Axent, which earned $5.3 million in revenues during the three months up to June 30, is one of the larger firms in a swirl of many small companies that develop specialized security products now being consumed in growing quantities by corporate America. For Axent, business is booming; the company earned $3.5 million during the same period last year, and went public in April with the sale of 2.99 million shares.
Privateer's job puts him in the center of this fast-growing security industry. From this excellent vantage point, he shared with WT staff writer Neil Munro his perspective on the future of the security business.
WT: What is Axent's market?
Privateer: We're aiming at the market for securing enterprise computing environments. Anything from the desktop to the server to the networks, both the internal networks and the external networks. We are not aiming at the consumer market such as electronic commerce [but] at the corporate and government market. Probably the vast majority -- 75 percent to 80 percent -- of our business is with commercial organizations, but we are seeing an expanding role for government.
WT: Are major companies such as Microsoft and IBM going to eat your market and your company?
Privateer: [The major vendors] offer machines with highly secure operating systems, but that of course, is not where the problem lies. The issue that we see is that it is not just the operating system where the security problem lies. There's the problem on the server, [and] we are seeing an awful lot of critical information sitting out on the client.

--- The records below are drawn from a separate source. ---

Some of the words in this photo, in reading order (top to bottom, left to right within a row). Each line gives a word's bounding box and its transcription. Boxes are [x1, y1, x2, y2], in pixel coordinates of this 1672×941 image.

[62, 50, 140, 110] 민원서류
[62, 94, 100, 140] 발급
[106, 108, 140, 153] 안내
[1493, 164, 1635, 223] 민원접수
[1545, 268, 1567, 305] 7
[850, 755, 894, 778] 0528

If the world were to become Microsoft Windows/NT tomorrow, then I still think there would be a big opportunity for vendors like us. This is nothing new in the computer industry. Back in the 70s and 80s when IBM dominated the industry, they had some measure of security built into their mainframe operating systems, but there was nearly a billion dollar market for third-party security products. IBM did not put the independent software vendors out of business, and I doubt Microsoft will put the independent software vendors out of business.
WT: But is your future threatened by Microsoft and other major vendors that are adding security features to more and more of their products, including their Internet products?

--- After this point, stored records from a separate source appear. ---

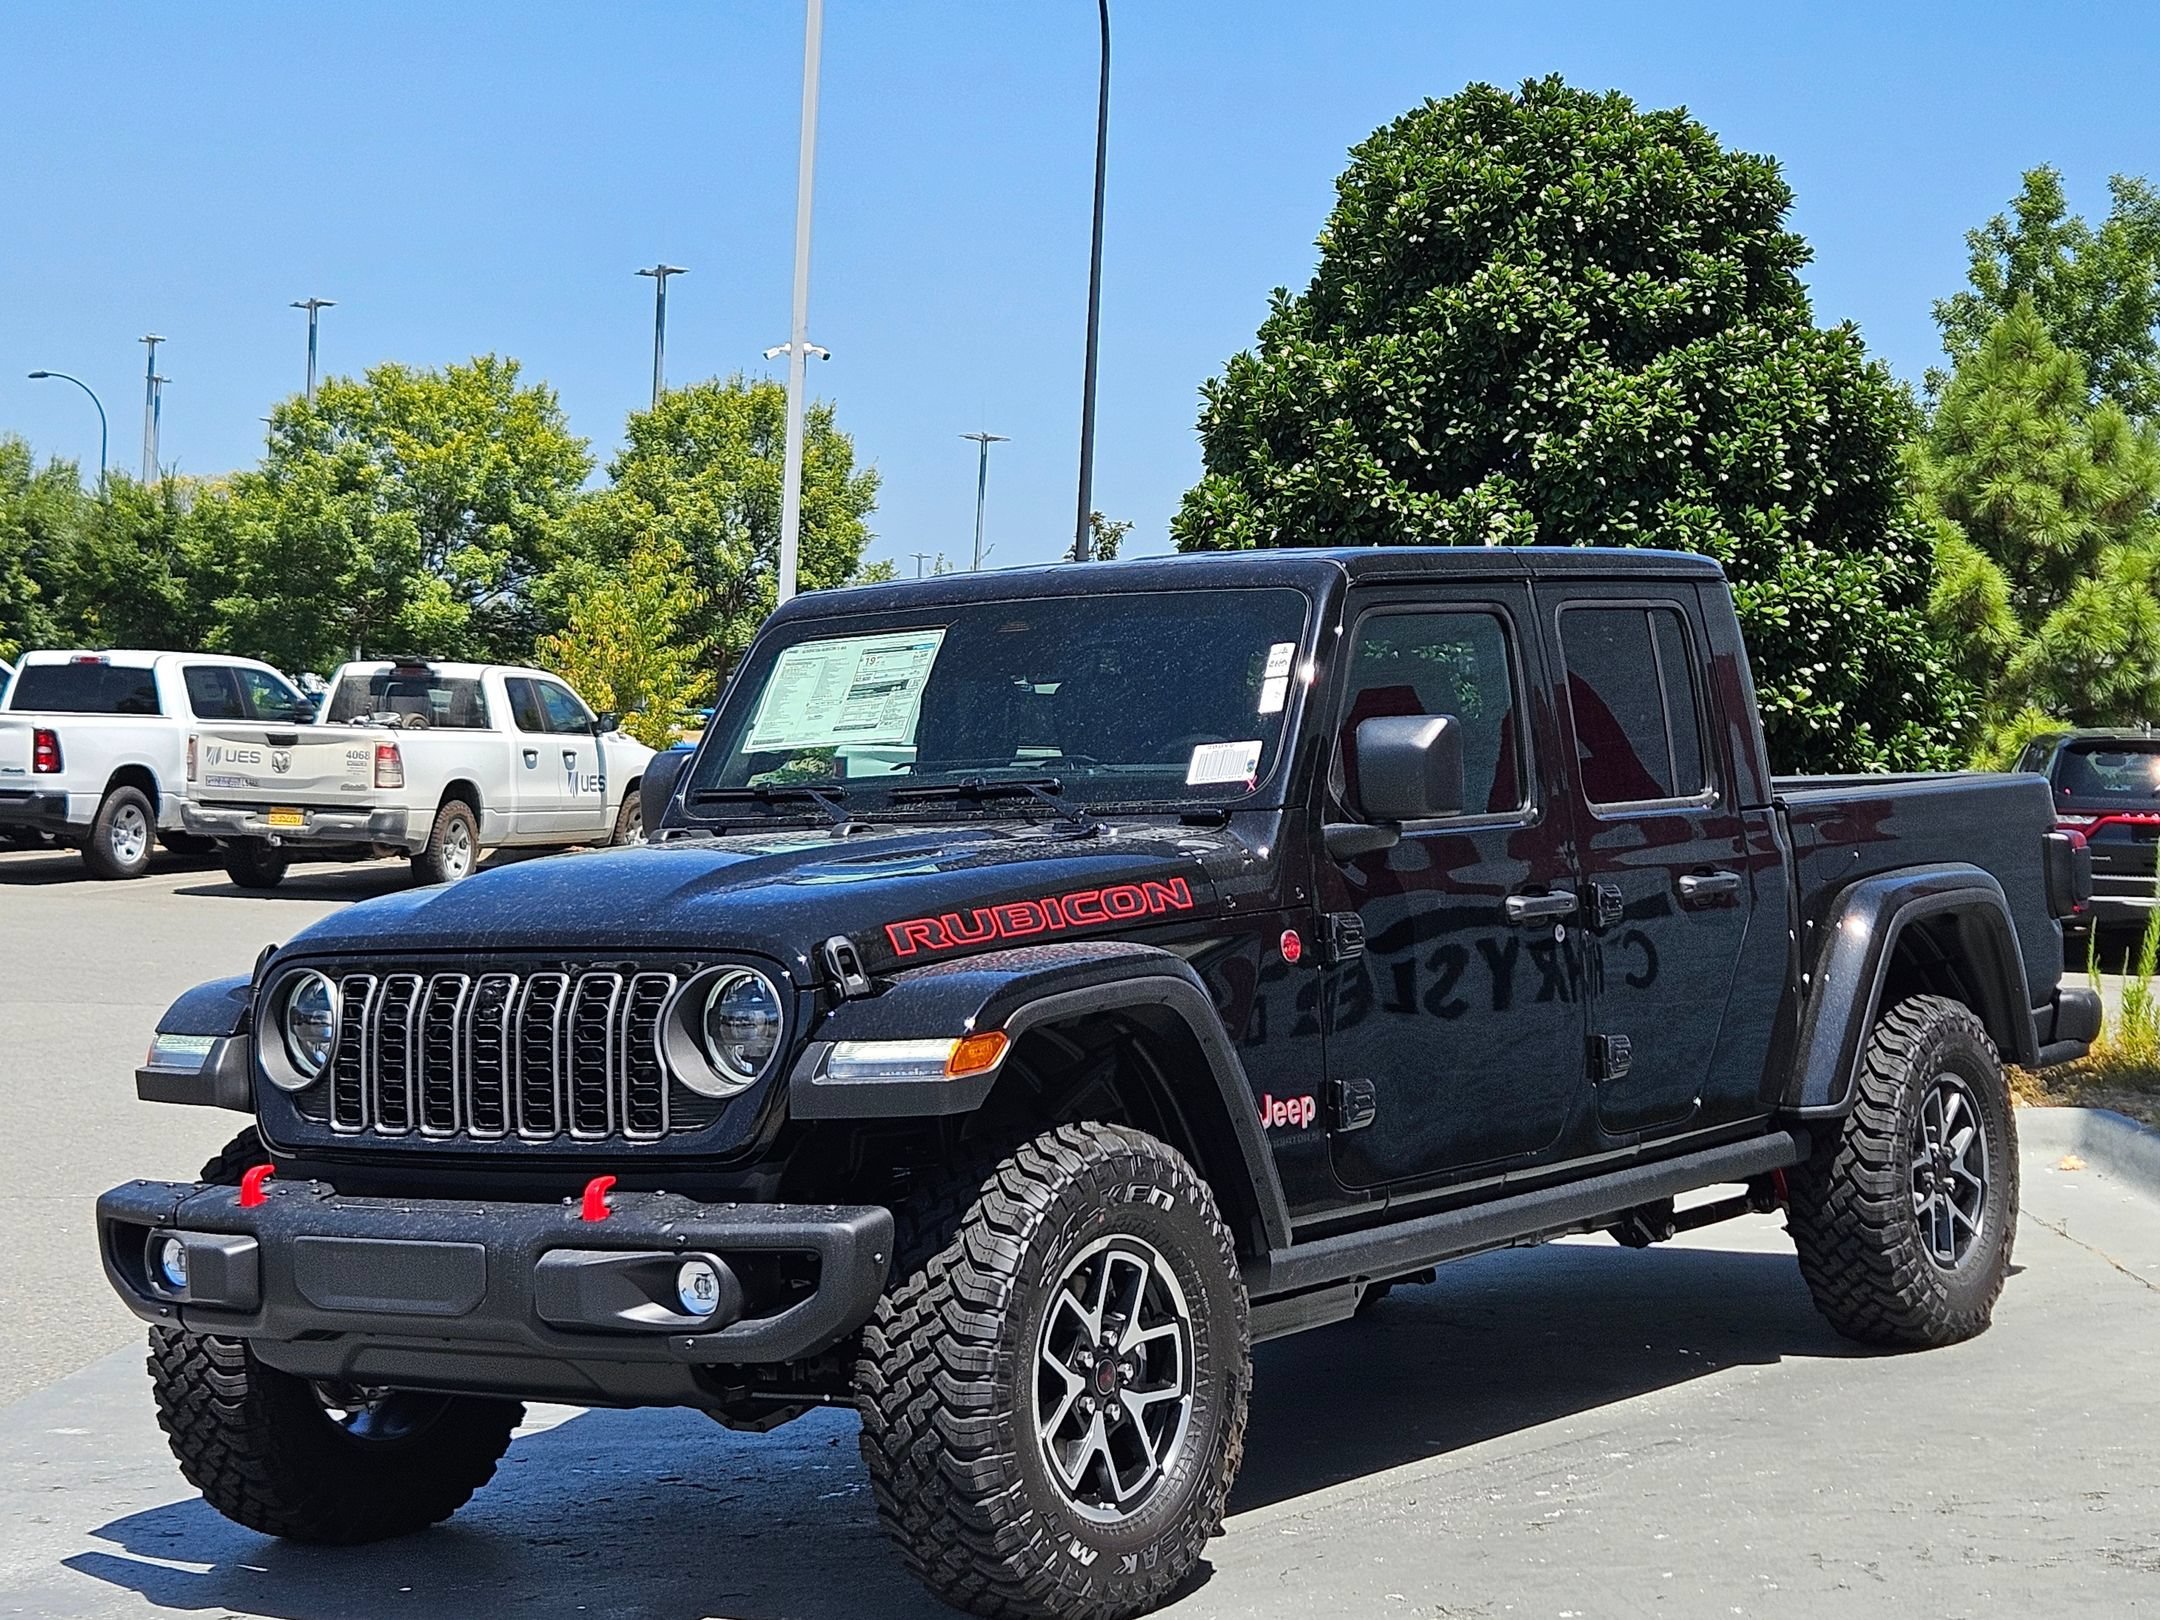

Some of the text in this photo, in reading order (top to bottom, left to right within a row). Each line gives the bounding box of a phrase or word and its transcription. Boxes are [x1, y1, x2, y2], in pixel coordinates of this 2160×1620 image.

[864, 656, 877, 666] 19
[226, 751, 262, 764] UES
[346, 750, 371, 760] 4068
[581, 774, 606, 792] UES
[885, 877, 1193, 957] RUBICON
[1259, 1094, 1316, 1129] Jeep

Privateer: There is security built into NT, but there are many holes in it. That is an opportunity for vendors like ourselves. The world is not going to become Windows/NT, at least not overnight. And the world we live in is very much a heterogeneous world. We have many different types of operating systems, many different flavors of UNIX, midrange processors, many networking protocols, all of which have to function together. So the opportunity for vendors like us is clearly in providing a consistent way to manage security across all that disparate technology.
Let us not forget the databases that have security built into them, the applications that have security built into them. And of course, many times in-house applications [such as] funds transfer systems and payroll systems also have their own security built in, [and all of which need to be integrated].
WT: Is there any prospect that lawyers will start suing companies for failure to ensure proper computer security?
Privateer: We do expect to see [lawsuits for security failures].... Corporations are realizing that if they don't take adequate measure to protect their assets, there is a clear liability issue involved. They have fiduciary responsibility, either to the board of directors or to the Congress, to protect the corporate assets or the country's assets.... That [threat] has got a lot of people's attention.
What you have to do is take reasonable steps and measures that are in proportion to the value of the information, and in proportion to what others in your peer group are doing.
WT: How can you protect yourself from such suits when one of your products fails to repel a hacker?
Privateer: Products [and companies] that purport to provide iron-clad security, such as from some of the firewall vendors, are extremely dangerous because there is no lock made by man that cannot be broken by man. If you set yourself up in such a way that you say your lock is unbreakable, and somebody breaks it, I'm sure there is a lawyer out there who will come after you.
We take a different approach. We really talk to companies about the concept of risk management. We provide them with a way to assess their risk, and then to reduce the risk. We never make the claim that we eliminate risk because we think that is impossible.
WT: Will the government's increased focus on security boost your business?
Privateer: Absolutely. This country is extremely exposed to threats, both internal and external. We have no real problem in getting people listening to our story, that's the biggest effect [of the government's focus on security]. The reality is that less than 20 percent to 25 percent of security-related incidents really comes from external threats. In terms of where the real problem is, the Internet is less of a factor, although gaining ground. But it has got people thinking about security and has done us a great service. Now we are talking about information-warfare, and that has also got people to thinking about it.